Catching the 7A bus
In August a very well attended meeting at the United Reformed Church in Whittlesford assessed the need for bus services in the village, in response to the decision by the bus operator Whippet to withdraw the 7A. I gave an assurance that the county council would step in, and they did, and found a new small bus company, A2B, to maintain the service and the existing route.
Last week Whittlesford, Sawston, Hinxton and Pampisford parish councils met with the county and district councils, again in Whittlesford. This was to see whether the existing service (timetable and route) could be changed to improve usage. The county council is keen to try to do this because this route is one of the most heavily subsidized and has very few passengers. This I know from talking to Peter the new bus driver at 8.00 am at Heathfield one morning when there was not a single person on the bus.
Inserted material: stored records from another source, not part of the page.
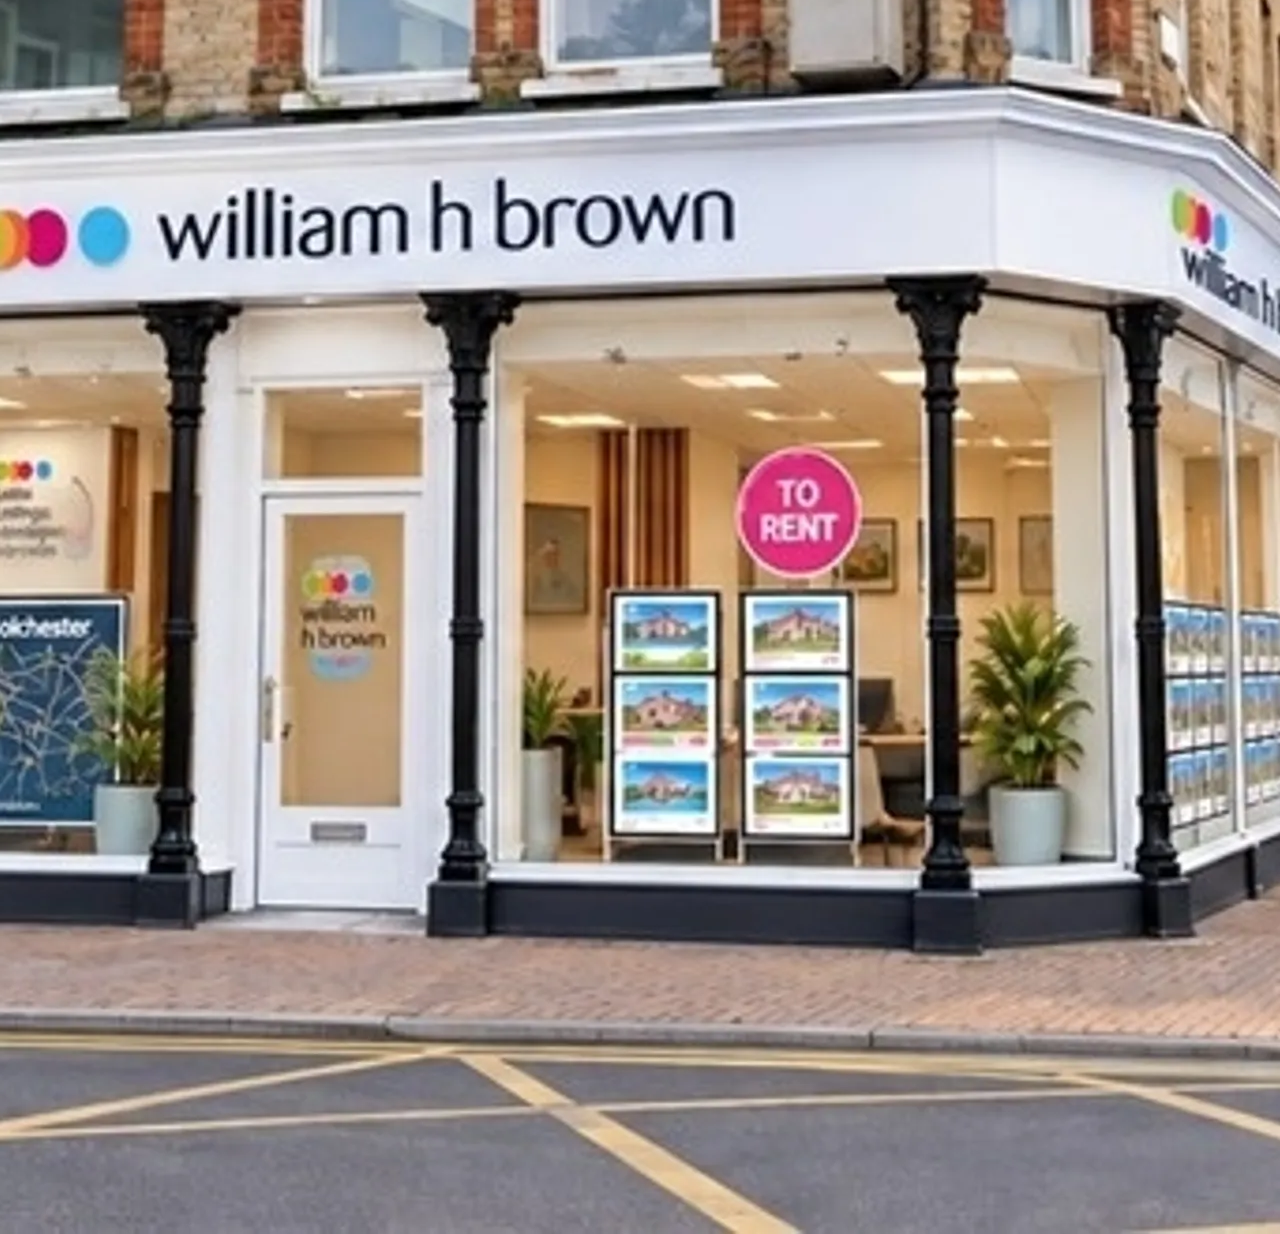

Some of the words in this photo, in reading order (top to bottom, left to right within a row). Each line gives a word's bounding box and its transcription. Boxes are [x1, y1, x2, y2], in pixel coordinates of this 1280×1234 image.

[157, 187, 408, 261] william
[431, 180, 472, 252] h
[495, 177, 735, 251] brown
[775, 478, 821, 509] TO
[760, 513, 839, 543] RENT
The discussions last week drew on the ideas put forward at the August public meeting, and also took in the views of some local organisations, such as the Imperial War Museum, who want to support bus travel by visitors. The County Council has gone away to work out what the new route options would mean in terms of timetabling and will be consulting formally. All the parish councils agreed they would call public meetings themselves so that bus users know what is being proposed. The main change is the destination: ie NOT ending up at the isolated Babraham park and ride, where the tumbleweed and dust blows across the prairie, but trying to make the hours more regular, making a better link to whittlesford station and cutting out unnecessary loops .were also proposed.
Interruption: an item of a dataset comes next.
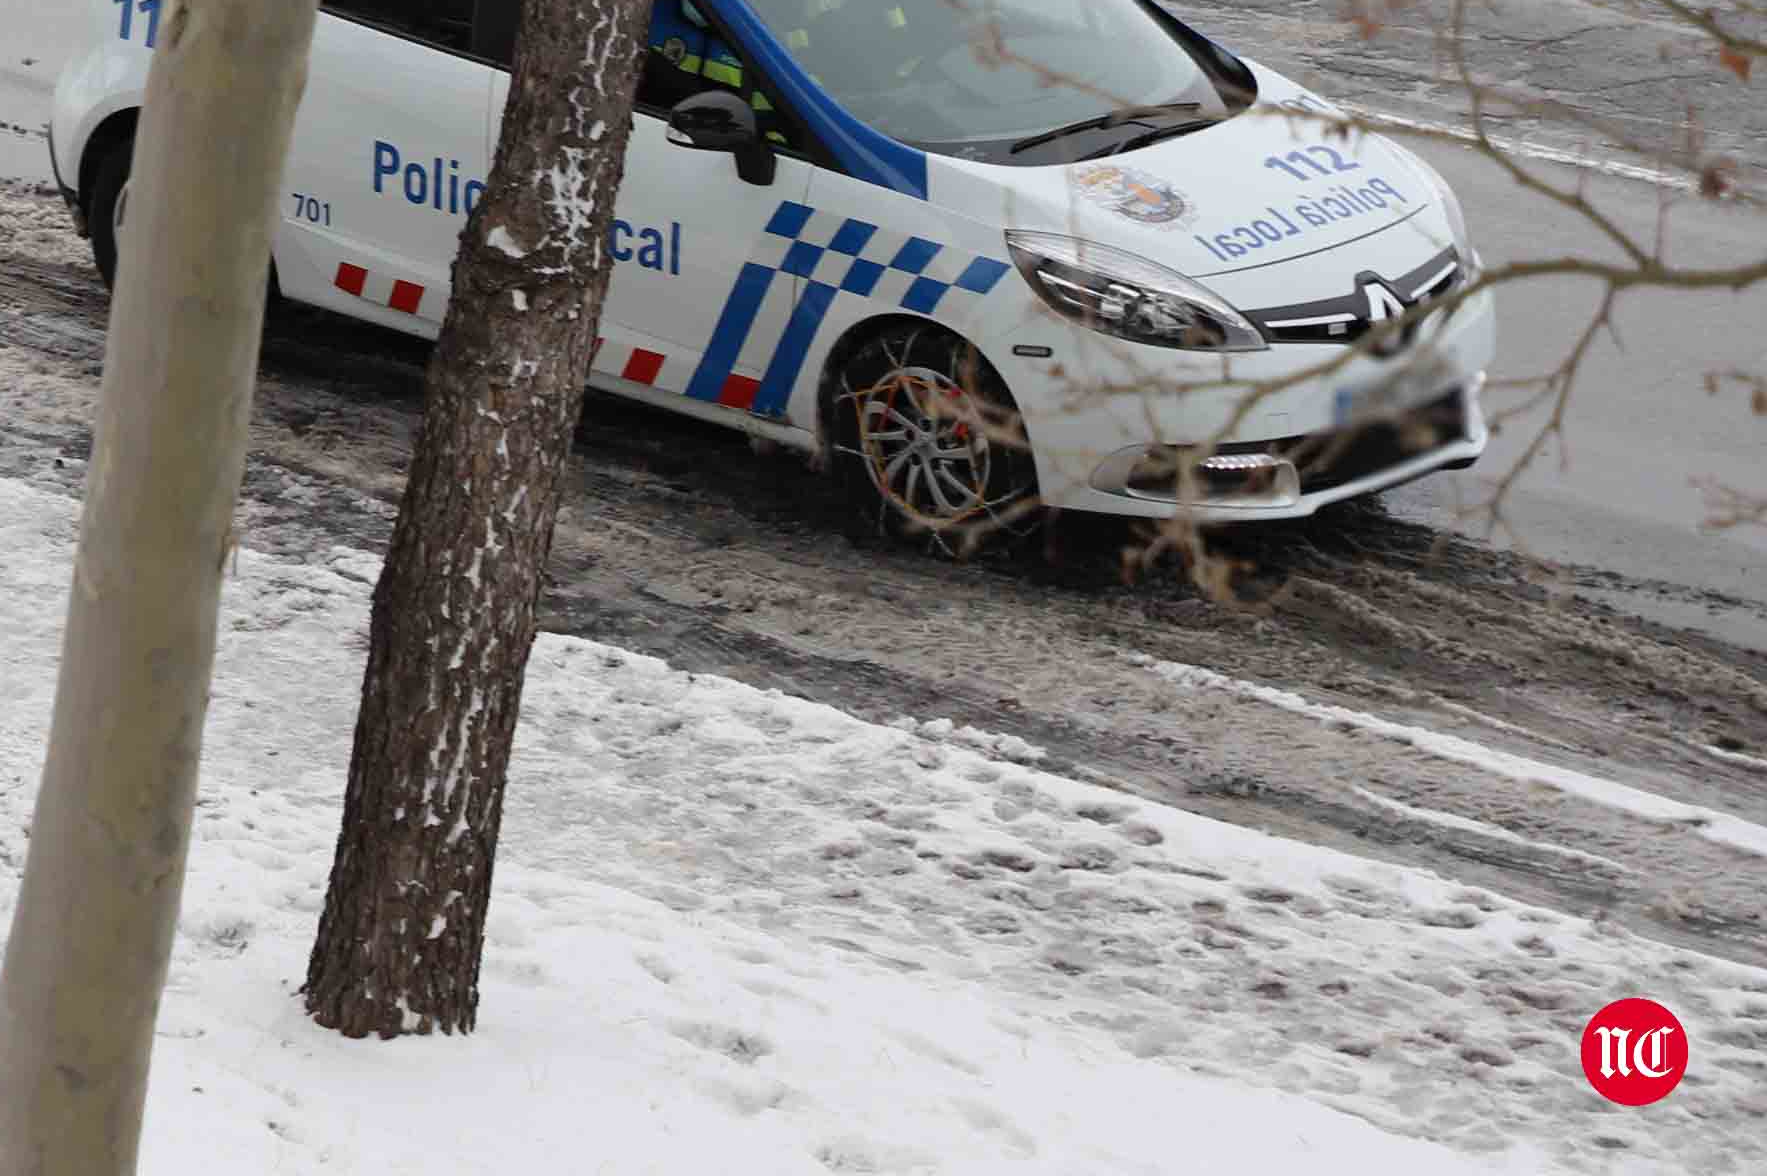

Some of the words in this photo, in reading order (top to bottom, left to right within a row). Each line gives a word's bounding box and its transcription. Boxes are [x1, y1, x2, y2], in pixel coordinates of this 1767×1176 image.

The strong push by its parish council for Whittlesford station to be a pilot rural travel hub under a scheme being managed by the District Council and the Greater Cambridge Partnership means that there is the chance to work out how the station can be made more useful for local people, as well as the many commuters who drive from as far away as Linton. The aim is to work out locally what would help, with the benefit of input from some transport professionals. Bus connectivity, better bike facilities, car parking changes – all on the agenda, for the village to work up.
In 20 years’ time we will all be travelling in electric pods driven by robots. But for the moment we need to make what we have got work better. Only connect, as E M Forster wrote.